Saat mengunjungi kawasan minapolitan dan panen ikan patin di Desa Pudak Kabupaten Muaro Jambi, presiden meminta agar pemanfaatan lahan dan wilahah perairan untuk menciptakan ketahanan pangan tersebut dijadikan gerakan nasional. "Melalui gerakan ini, maka meskipun harga pangan naik namun setiap rumah tangga di Indonesia tetap memiliki kecukupan pangan," ujar Presiden Susilo Bambang Yudhoyono.
Dia menuturkan budidaya ikan patin di Jambi dapat dijadikan contoh bagi wilayah lainnya agar masyarakat tidak mengalami kesusahan pangan dan kelaparan.
Menteri Sharif memaparkan untuk memenuhi kebutuhan ikan patin dalam negeri dan pasar global, pihaknya meminta kepada pembudidaya patin di Jambi agar bekerja lebih keras dalam memenuhi kebutuhan tersebut.

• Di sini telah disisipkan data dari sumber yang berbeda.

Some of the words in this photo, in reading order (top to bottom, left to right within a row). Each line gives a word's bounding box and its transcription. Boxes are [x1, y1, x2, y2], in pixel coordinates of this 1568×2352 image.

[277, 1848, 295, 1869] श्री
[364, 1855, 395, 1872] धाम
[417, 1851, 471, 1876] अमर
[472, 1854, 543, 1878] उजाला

Cicip meresmikan Unit Pengolahan Fillet Patin di Kemingking, Kabupaten Muaro Jambi. “Untuk menghentikan impor ikan patin atau ikan dori dari Vietnam maka produksi patin nasional harus ditingkatkan terlebih dahulu."

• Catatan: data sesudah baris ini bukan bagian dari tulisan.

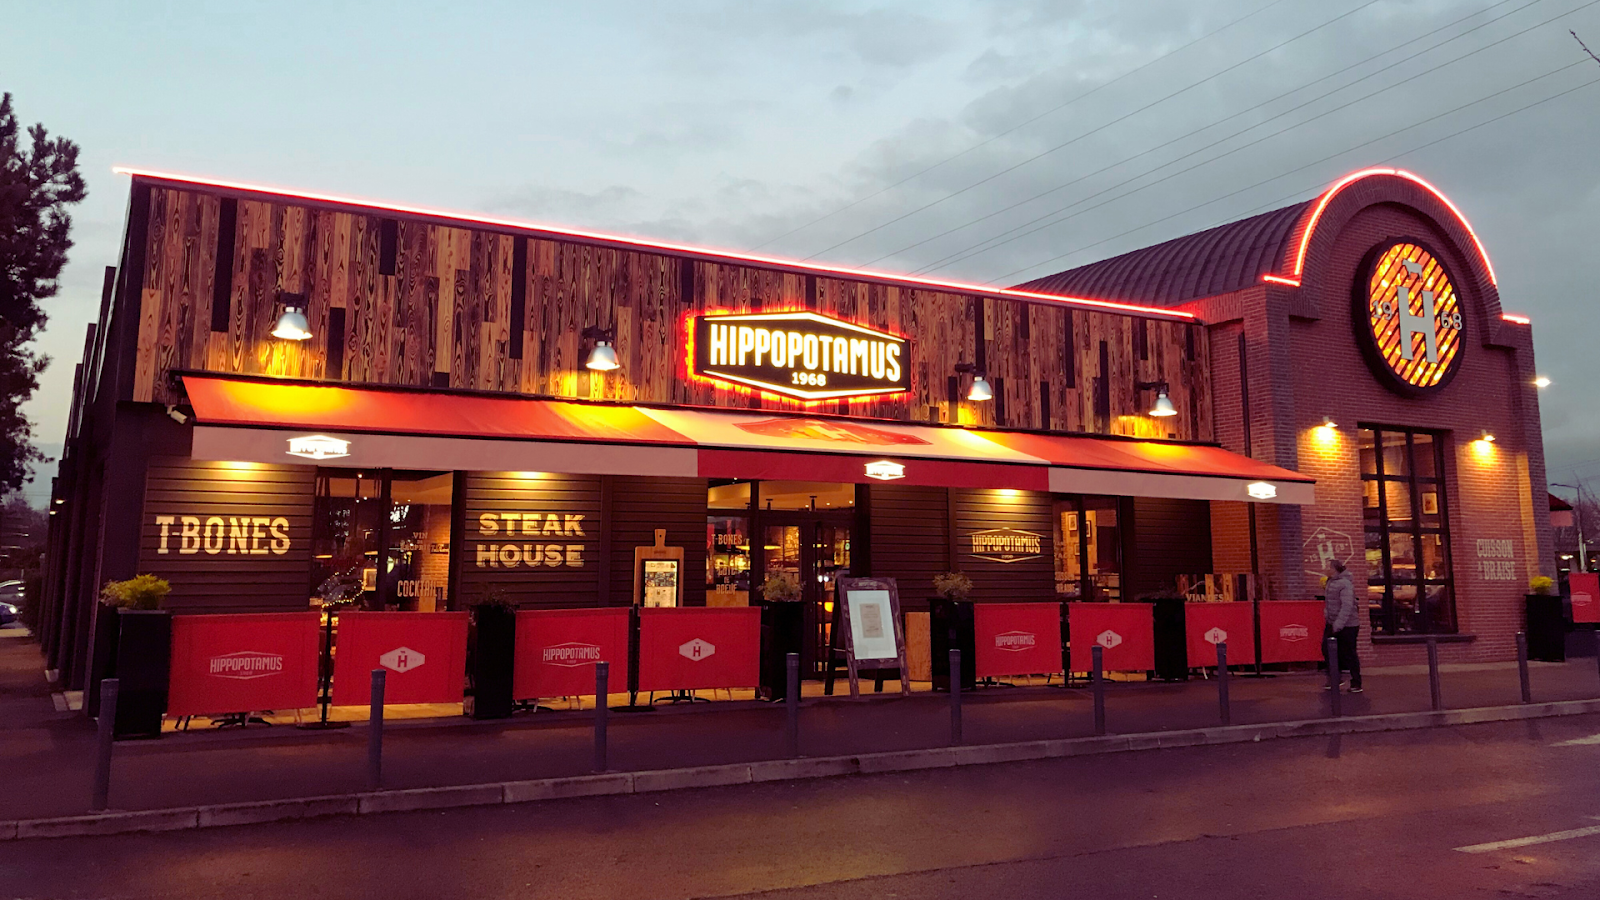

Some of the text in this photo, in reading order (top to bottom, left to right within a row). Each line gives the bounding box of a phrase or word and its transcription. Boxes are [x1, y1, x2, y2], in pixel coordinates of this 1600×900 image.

Dengan peresmian pengolahan fillet patin, katanya, secara strategis akan meningkatkan gairah dan produksi budidaya patin di Indonesia, khususnya Provinsi Jambi, karena industri fillet patin dapat dioperasikan secara besar.
Untuk memberikan kesempatan kepada produk patin lokal dapat berkembang dan berdaya saing di pasar domestik dan global, KKP menyediakan enam unit pengolahan fillet patin di Indonesia pada 2011.

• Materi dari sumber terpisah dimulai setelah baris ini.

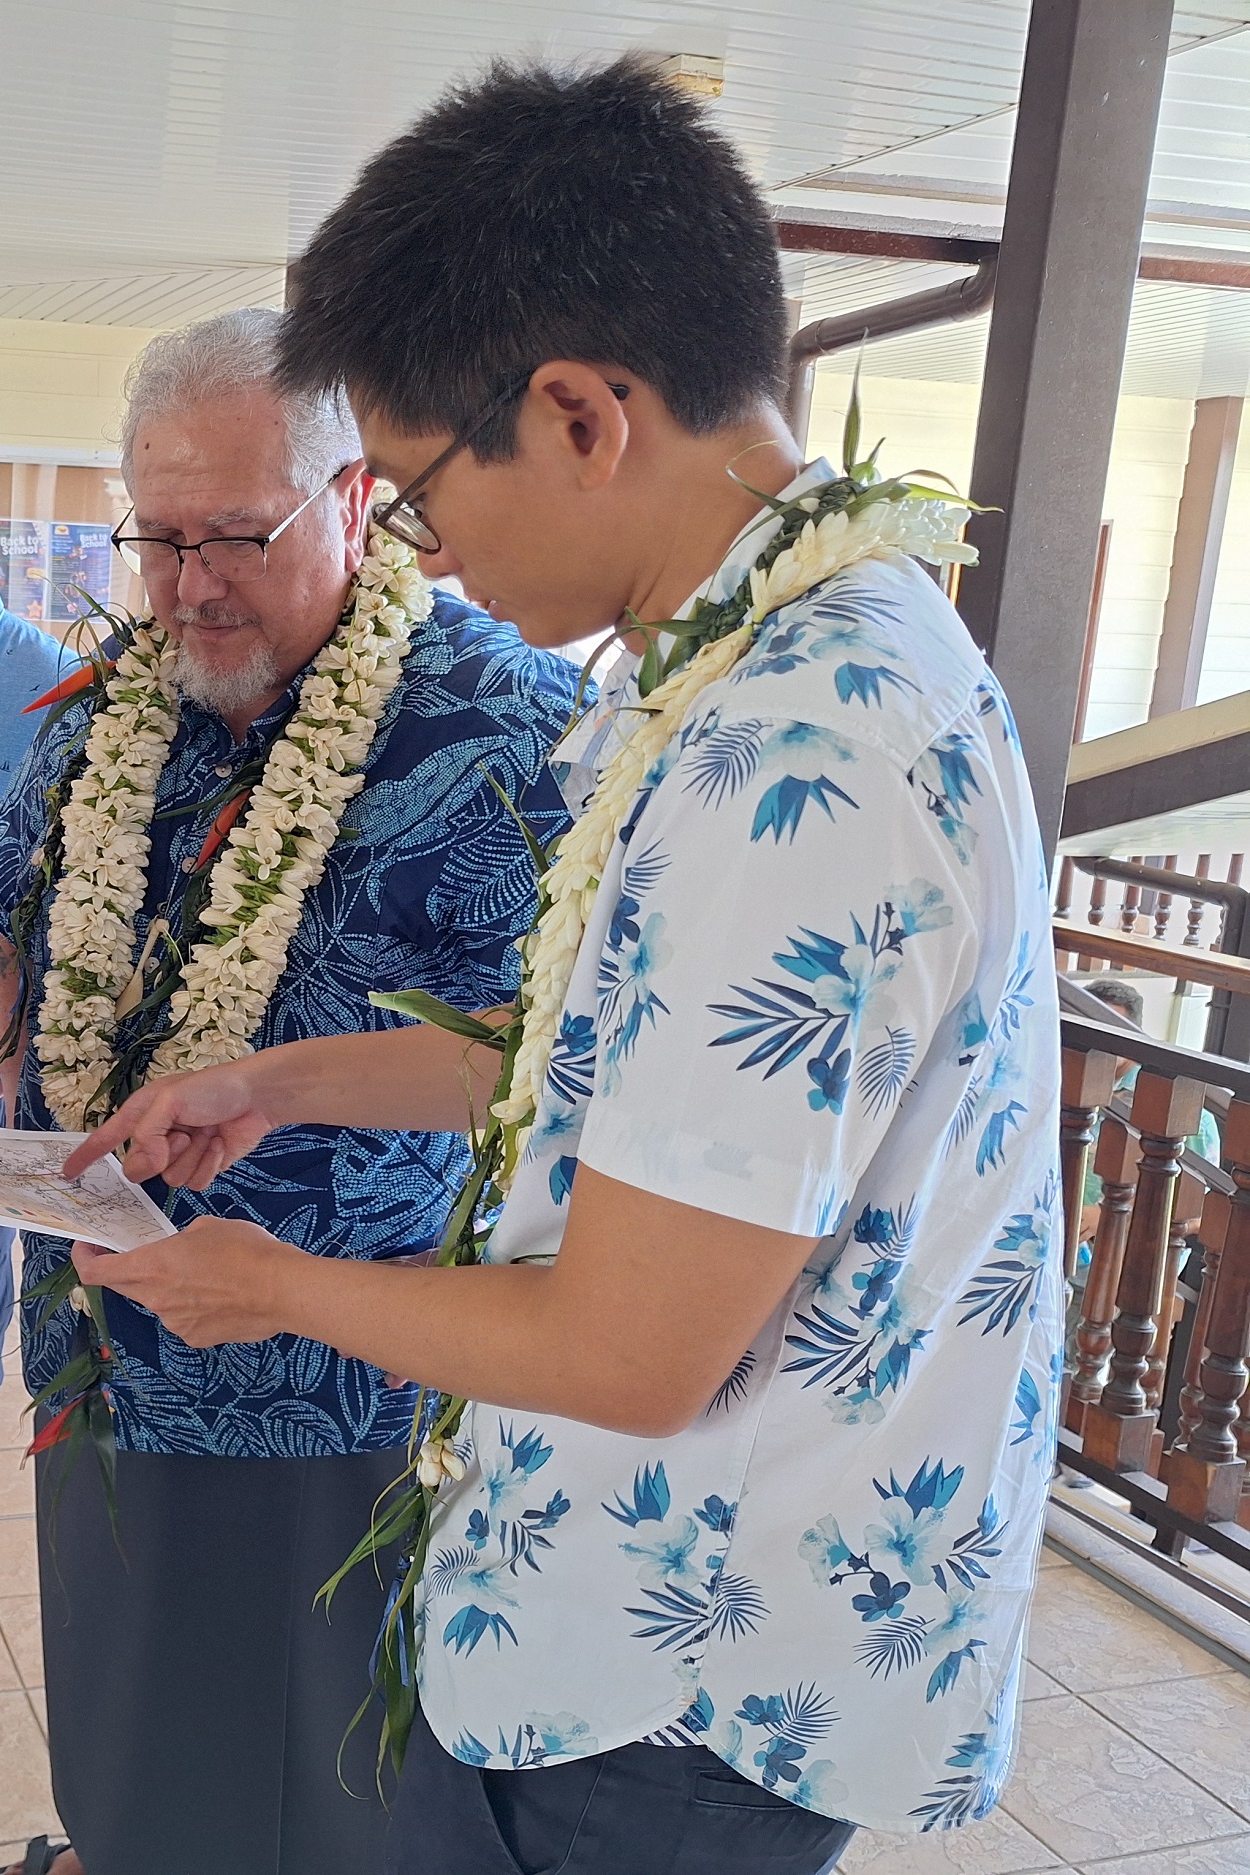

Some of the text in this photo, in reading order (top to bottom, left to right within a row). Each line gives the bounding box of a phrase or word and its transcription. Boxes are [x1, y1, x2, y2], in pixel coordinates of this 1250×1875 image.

[0, 536, 26, 547] Back
[27, 535, 39, 546] to
[79, 533, 108, 542] Back to
[81, 540, 107, 548] School
[2, 545, 38, 555] School

Sharif menambahkan selain di Jambi, enam unit pengolahan fillet patin lainnya berada di Karawang, Purwakarta, Tulung Agung, Banjar, dan Riau. "Saya berharap unit pengolahan ini dapat dimanfaatkan oleh masyarakat atau kelompok pengolah usaha kecil menengah, sehingga dapat memberikan nilai tambah bagi produksi budidaya patin," jelasnya.
Jumlah kolam ikan patin di Jambi mencapai 7.884 kolam yang terdiri dari 107 kelompok. Luas rata-rata kolam mencapai 300 m2 dengan produksi 2,5 ton per kolam dengan waktu pemeliharaan 6-7 bulan dengan ukuran 0,6-0,8 kg. Produksi ikan patin di Provinsi Jambi mencapai 5-8 ton per hari.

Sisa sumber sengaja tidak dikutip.